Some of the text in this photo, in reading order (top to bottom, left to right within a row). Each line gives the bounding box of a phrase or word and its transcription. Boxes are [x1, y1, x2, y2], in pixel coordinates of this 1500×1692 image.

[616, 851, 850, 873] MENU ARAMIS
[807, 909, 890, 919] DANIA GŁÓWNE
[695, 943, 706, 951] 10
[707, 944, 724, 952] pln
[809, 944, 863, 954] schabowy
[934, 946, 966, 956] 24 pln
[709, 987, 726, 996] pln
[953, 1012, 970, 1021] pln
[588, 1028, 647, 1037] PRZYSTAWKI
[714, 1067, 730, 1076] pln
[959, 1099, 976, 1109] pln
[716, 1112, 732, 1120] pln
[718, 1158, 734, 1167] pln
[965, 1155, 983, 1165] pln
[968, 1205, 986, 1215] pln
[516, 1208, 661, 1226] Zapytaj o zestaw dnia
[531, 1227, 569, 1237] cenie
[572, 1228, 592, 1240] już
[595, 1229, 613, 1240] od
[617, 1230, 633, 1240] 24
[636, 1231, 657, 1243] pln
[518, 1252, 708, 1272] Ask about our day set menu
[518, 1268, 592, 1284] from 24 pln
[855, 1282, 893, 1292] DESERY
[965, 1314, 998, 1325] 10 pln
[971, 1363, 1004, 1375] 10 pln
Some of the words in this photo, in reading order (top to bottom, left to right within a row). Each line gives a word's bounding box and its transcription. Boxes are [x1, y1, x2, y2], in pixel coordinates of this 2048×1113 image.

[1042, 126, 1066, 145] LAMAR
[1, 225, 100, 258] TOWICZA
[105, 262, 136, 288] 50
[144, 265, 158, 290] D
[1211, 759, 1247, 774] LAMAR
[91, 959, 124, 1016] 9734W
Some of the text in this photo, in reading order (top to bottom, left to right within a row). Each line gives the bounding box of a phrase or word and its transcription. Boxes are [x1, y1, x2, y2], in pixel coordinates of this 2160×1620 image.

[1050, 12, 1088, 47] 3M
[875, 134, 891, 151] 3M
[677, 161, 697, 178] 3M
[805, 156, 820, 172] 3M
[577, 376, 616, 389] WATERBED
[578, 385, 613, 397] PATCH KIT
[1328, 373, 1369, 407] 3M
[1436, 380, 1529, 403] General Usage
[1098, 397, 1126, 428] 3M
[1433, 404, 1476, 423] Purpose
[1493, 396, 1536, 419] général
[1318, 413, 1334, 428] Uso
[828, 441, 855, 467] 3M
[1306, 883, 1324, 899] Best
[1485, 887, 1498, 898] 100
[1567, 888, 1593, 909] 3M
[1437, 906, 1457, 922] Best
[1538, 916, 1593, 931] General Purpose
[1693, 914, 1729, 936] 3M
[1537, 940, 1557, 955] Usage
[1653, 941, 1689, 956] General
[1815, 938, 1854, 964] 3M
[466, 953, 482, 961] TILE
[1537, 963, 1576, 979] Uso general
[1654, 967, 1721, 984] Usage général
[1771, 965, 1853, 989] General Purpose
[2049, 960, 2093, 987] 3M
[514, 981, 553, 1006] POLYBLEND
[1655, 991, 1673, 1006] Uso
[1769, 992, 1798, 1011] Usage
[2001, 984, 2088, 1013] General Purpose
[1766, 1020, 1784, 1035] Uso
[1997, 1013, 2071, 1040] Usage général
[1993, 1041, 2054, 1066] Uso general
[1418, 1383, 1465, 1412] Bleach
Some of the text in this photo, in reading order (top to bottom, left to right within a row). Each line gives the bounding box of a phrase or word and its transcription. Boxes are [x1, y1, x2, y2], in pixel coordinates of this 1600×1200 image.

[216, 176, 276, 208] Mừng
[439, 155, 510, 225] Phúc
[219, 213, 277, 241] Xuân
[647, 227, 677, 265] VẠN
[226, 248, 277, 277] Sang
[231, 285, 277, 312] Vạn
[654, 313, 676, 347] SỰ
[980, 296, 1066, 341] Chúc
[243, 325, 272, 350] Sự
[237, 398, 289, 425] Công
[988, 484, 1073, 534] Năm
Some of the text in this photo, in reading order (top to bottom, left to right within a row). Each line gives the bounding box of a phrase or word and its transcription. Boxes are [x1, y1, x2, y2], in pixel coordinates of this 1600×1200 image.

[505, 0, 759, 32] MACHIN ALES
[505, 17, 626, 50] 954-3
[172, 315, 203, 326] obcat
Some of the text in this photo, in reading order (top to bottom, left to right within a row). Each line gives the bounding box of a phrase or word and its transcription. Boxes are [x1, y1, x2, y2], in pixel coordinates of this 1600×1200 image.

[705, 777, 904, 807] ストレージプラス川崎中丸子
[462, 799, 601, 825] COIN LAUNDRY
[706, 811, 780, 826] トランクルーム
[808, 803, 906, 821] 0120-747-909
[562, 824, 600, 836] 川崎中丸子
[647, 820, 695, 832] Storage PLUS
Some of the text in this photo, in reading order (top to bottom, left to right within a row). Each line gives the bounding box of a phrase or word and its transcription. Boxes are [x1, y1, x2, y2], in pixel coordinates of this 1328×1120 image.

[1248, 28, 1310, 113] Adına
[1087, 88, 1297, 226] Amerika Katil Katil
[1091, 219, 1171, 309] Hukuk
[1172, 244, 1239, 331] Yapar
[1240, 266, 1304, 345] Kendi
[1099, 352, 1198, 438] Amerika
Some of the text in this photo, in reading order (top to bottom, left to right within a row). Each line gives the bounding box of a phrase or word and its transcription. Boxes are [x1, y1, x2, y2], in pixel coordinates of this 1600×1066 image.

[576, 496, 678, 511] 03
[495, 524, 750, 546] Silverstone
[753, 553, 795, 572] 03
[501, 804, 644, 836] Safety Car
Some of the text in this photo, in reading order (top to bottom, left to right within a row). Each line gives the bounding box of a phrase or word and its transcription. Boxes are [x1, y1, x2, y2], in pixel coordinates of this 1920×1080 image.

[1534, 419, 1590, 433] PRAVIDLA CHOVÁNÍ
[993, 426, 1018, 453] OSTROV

● **The problem**: With the line that contains "this 1600×1066 image." as the starting point, output each line exactly through the end of the listing above.

● **Answer**:
Some of the text in this photo, in reading order (top to bottom, left to right within a row). Each line gives the bounding box of a phrase or word and its transcription. Boxes are [x1, y1, x2, y2], in pixel coordinates of this 1600×1066 image.

[576, 496, 678, 511] 03
[495, 524, 750, 546] Silverstone
[753, 553, 795, 572] 03
[501, 804, 644, 836] Safety Car
Some of the text in this photo, in reading order (top to bottom, left to right within a row). Each line gives the bounding box of a phrase or word and its transcription. Boxes are [x1, y1, x2, y2], in pixel coordinates of this 1920×1080 image.

[1534, 419, 1590, 433] PRAVIDLA CHOVÁNÍ
[993, 426, 1018, 453] OSTROV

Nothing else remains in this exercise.